The Law Society (as intervenor) submitted support to the Claimant’s contention that it was possible for solicitors firms to lawfully assign a CFA, such that it takes the benefit of payment in the event of success but as a condition of obtaining that benefit, the solicitor is obliged to perform the obligations under such a retainer.
Within the judgment an analysis and commentary was provided as to the economic environment in which personal injury litigation is conducted today, with recognition of the variety of circumstances in which the legitimate need to assign a CFA may arise.
Issue 1 – Termination of the CFA
It was held that the BR CFA undoubtedly subsisted after 22nd March 2013.
It was held that the Claimant did not terminate the contract but instead affirmed it by the second deed and her conduct generally – unless and until the innocent party terminates the contract, it subsists. The CFA therefore survived and BR remained entitled to payment.
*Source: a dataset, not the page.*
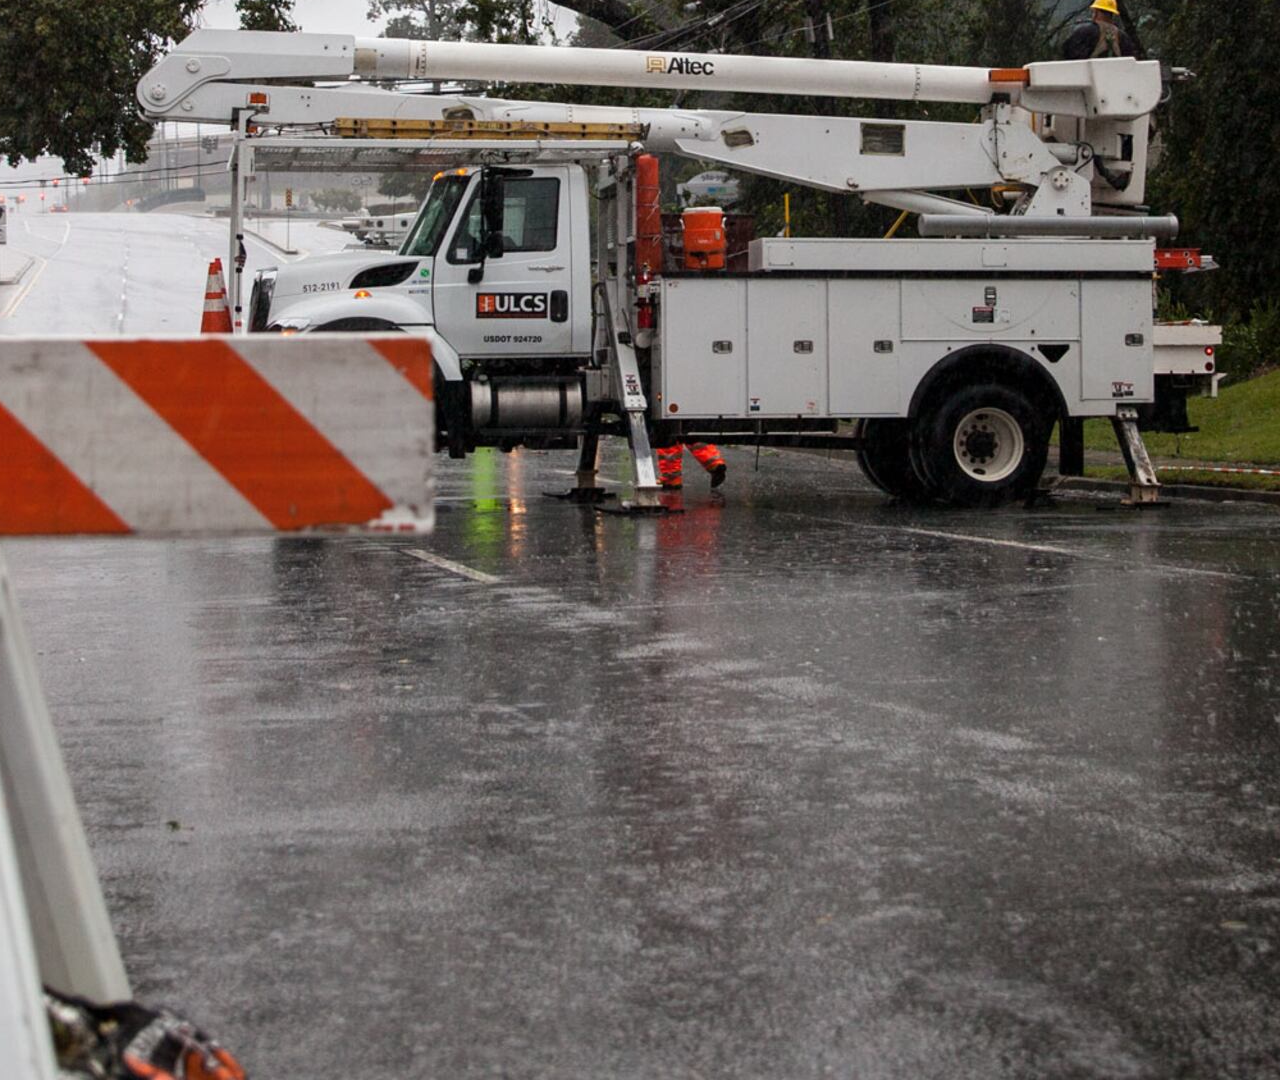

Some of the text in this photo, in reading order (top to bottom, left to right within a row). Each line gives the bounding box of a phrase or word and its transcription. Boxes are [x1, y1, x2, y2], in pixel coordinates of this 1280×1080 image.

[667, 57, 714, 75] Altec
[302, 281, 340, 293] 512-2191
[495, 295, 545, 312] ULCS
[483, 335, 542, 343] USDOT 924720
Issue 2 & 3 – Assignment or Novation
Lady Justice Gloster noted that the issue here was really to determine whether, for the purposes of the transitional provisions of section 44(6) of LASPO, the fee payable by the Claimant to NH under the transfer arrangements between BR, NH and the Claimant was a success fee payable under the CFA entered into before 1st April 2013.
It was decided here that there was little doubt that on 10th April 2013 the Claimant entered into a new contract pursuant to the terms of the second deed and letter of instruction. The Claimant agreed to the transfer of the rights and obligations of BR under the BR CFA to NH, with conditions including that the BR CFA remained ‘binding and enforceable’ as between the Claimant and NH.
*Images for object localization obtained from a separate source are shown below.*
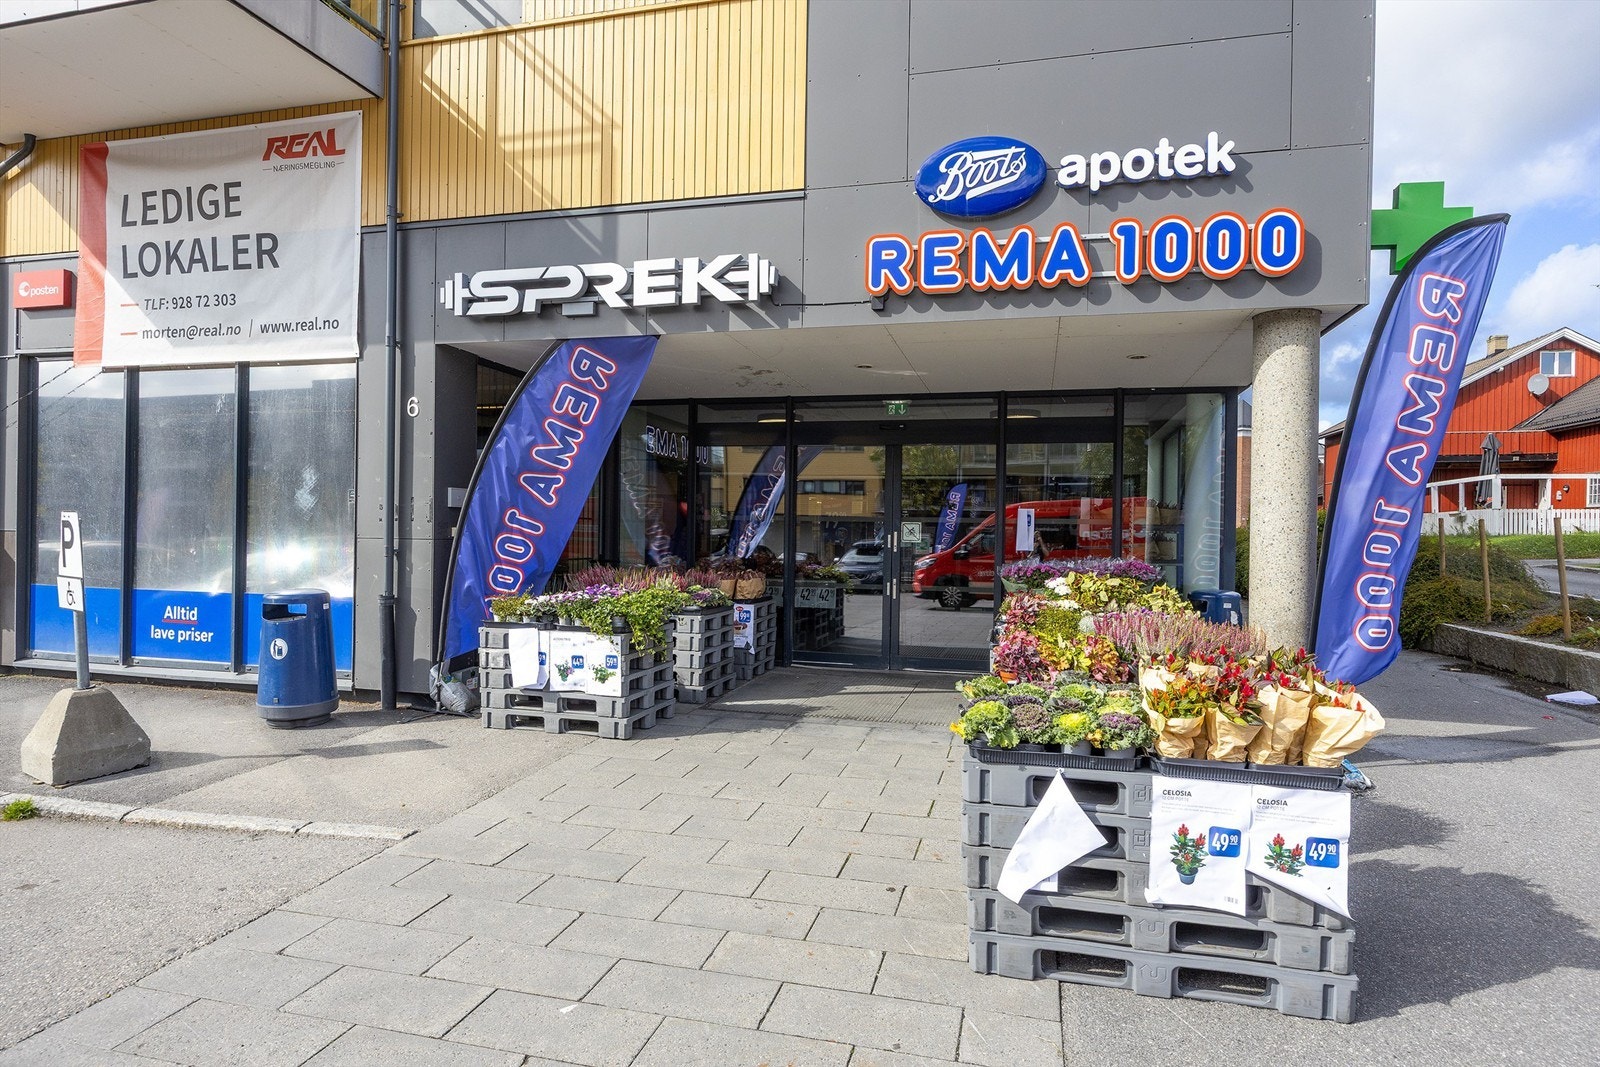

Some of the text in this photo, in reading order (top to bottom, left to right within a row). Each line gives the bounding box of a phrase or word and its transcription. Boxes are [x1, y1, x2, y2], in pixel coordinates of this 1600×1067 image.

[262, 128, 346, 161] REAL
[272, 160, 336, 173] NÆRINGSMEGLING
[927, 131, 1237, 203] Boots apotek
[121, 181, 242, 228] LEDIGE
[121, 232, 280, 279] LOKALER
[865, 207, 1306, 298] REMA 1000
[30, 285, 59, 298] posten
[465, 252, 746, 317] SPREK
[144, 293, 237, 310] TLF: 928 72 303
[142, 316, 340, 340] morten@real.no www.real.no
[406, 396, 419, 418] 6
[61, 519, 75, 568] P
[163, 605, 198, 621] Alltid
[150, 624, 214, 643] lave priser
[1162, 789, 1192, 797] CELOSIA
[1256, 798, 1288, 806] CELOSIA
[1211, 832, 1229, 851] 49
[1308, 842, 1327, 861] 49
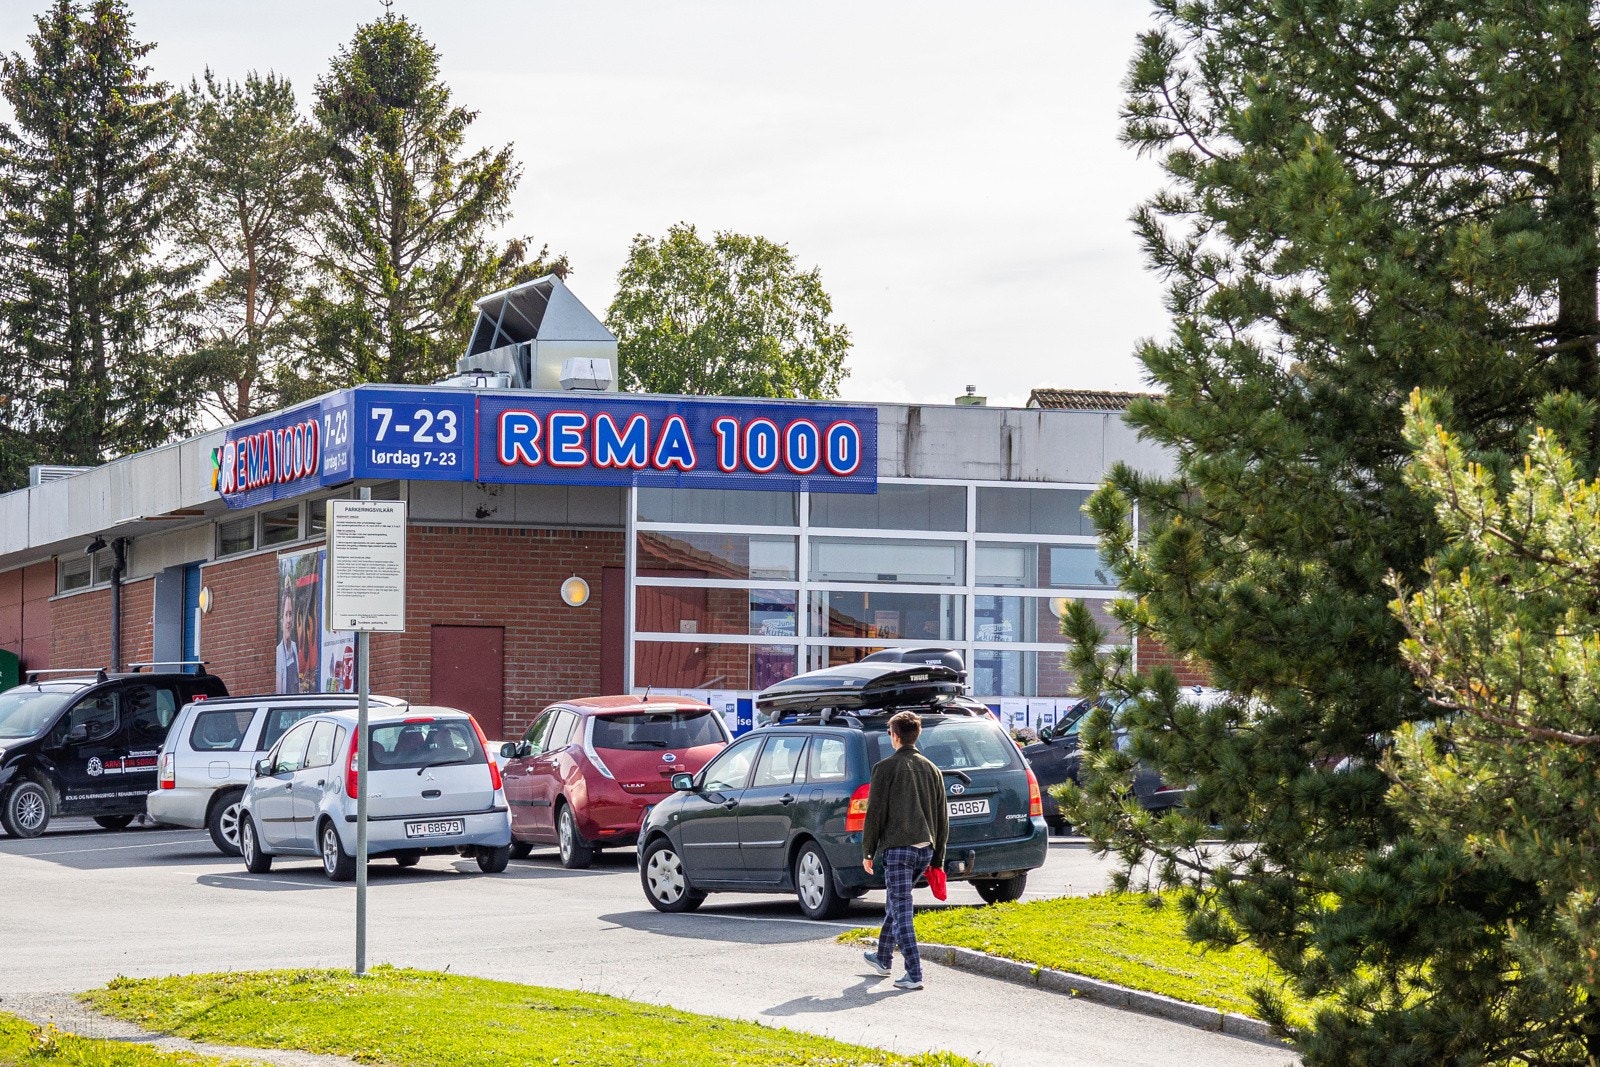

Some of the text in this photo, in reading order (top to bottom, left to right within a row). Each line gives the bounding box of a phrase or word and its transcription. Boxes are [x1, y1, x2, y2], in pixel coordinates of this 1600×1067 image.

[324, 409, 348, 448] 7-23
[371, 408, 457, 443] 7-23
[497, 409, 863, 476] REMA 1000
[221, 419, 320, 494] REMA 1000
[371, 449, 457, 467] lørdag 7-23
[909, 674, 929, 682] THULE
[950, 801, 986, 815] 64867
[410, 821, 459, 834] VF 68679
– Lady Justice Gloster also noted that it was clearly the intention of the parties that NH would simply be substituted in BR’s place, under the same terms of the existing continuing retainer – i.e. the BR CFA. Substantial consideration was made by the Judge to the issue and authorities relating to novation when coming to this conclusion.
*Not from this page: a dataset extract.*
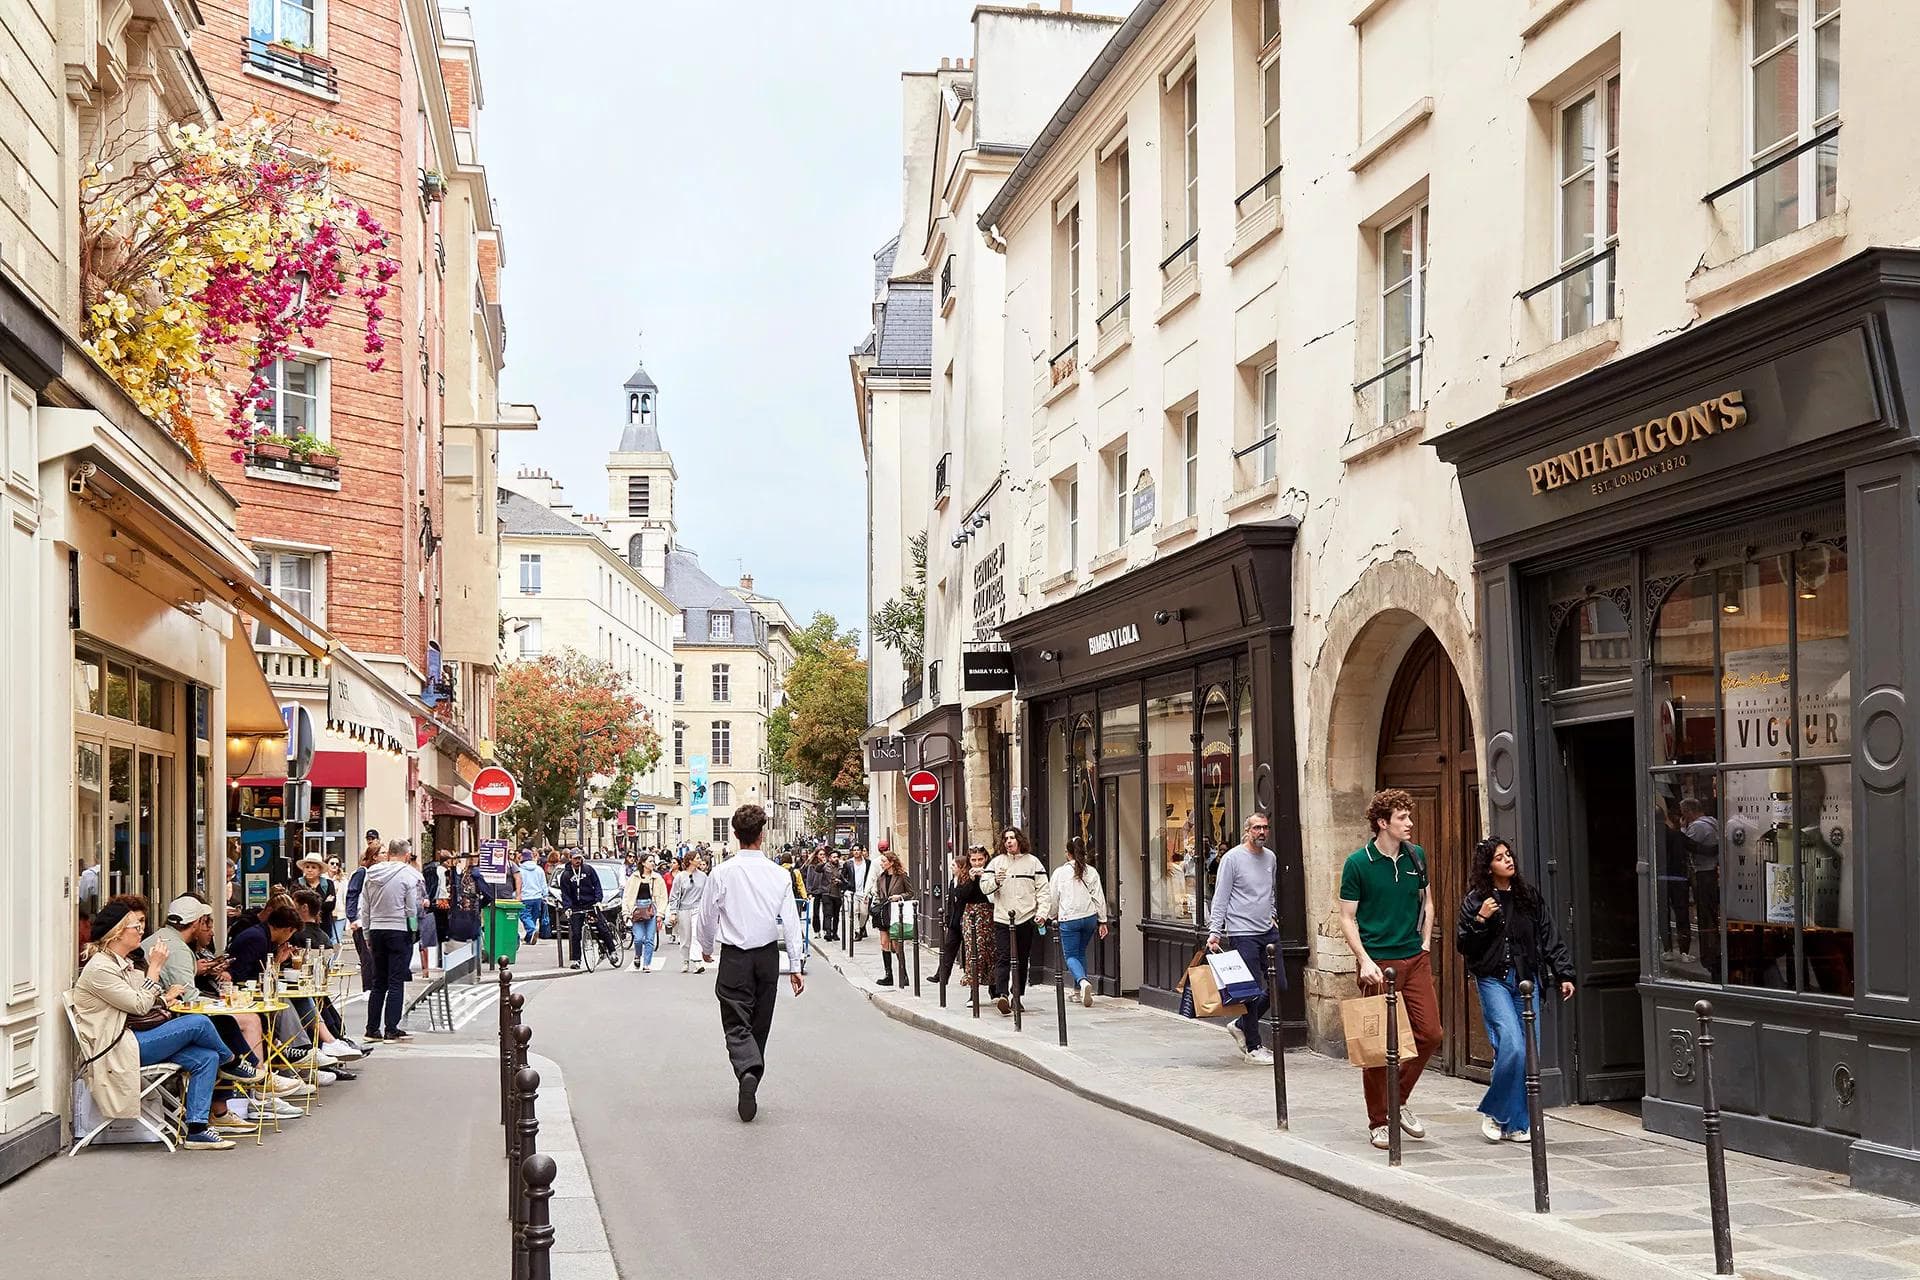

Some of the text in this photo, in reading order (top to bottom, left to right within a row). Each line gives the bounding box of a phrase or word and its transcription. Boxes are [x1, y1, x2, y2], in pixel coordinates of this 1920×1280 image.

[1526, 389, 1748, 496] PENHALIGON'S
[1591, 455, 1687, 495] EST. LONDON 1870
[1088, 623, 1140, 656] BIMBA Y LOLA
[250, 845, 265, 866] P
– Ultimately the Judge on appeal agreed with the Claimant’s position in relation to the construction of section 44 of LASPO and held that the parties expressly provided contractual arrangements in assigning the CFA to NH and that the success fee payable to NH was to be payable under a CFA entered into before 1st April 2013.
– Significant weight was applied here to the intentions of the parties (BR, NH and the Claimant) within the contractual assignment.
This is an extremely important judgment which highlights the importance of making clear the intention of the parties when seeking to transfer a retainer. Not all cases will involve the issue of the recovery of a pre-LASPO success fee however regardless of this it is imperative to ensure the contractual assignment is clearly binding through both the deeds prepared and actions of the parties involved.
This decision also provides important guidance about ensuring that the Claimant is a party to any change made to a funding arrangement – this decision suggests that the Claimant should now be party to the decision to assign a contract between firms as a novation, not as a new agreement but as an extension of the previous arrangement in place (in this case with recovery success fees/additional liabilities).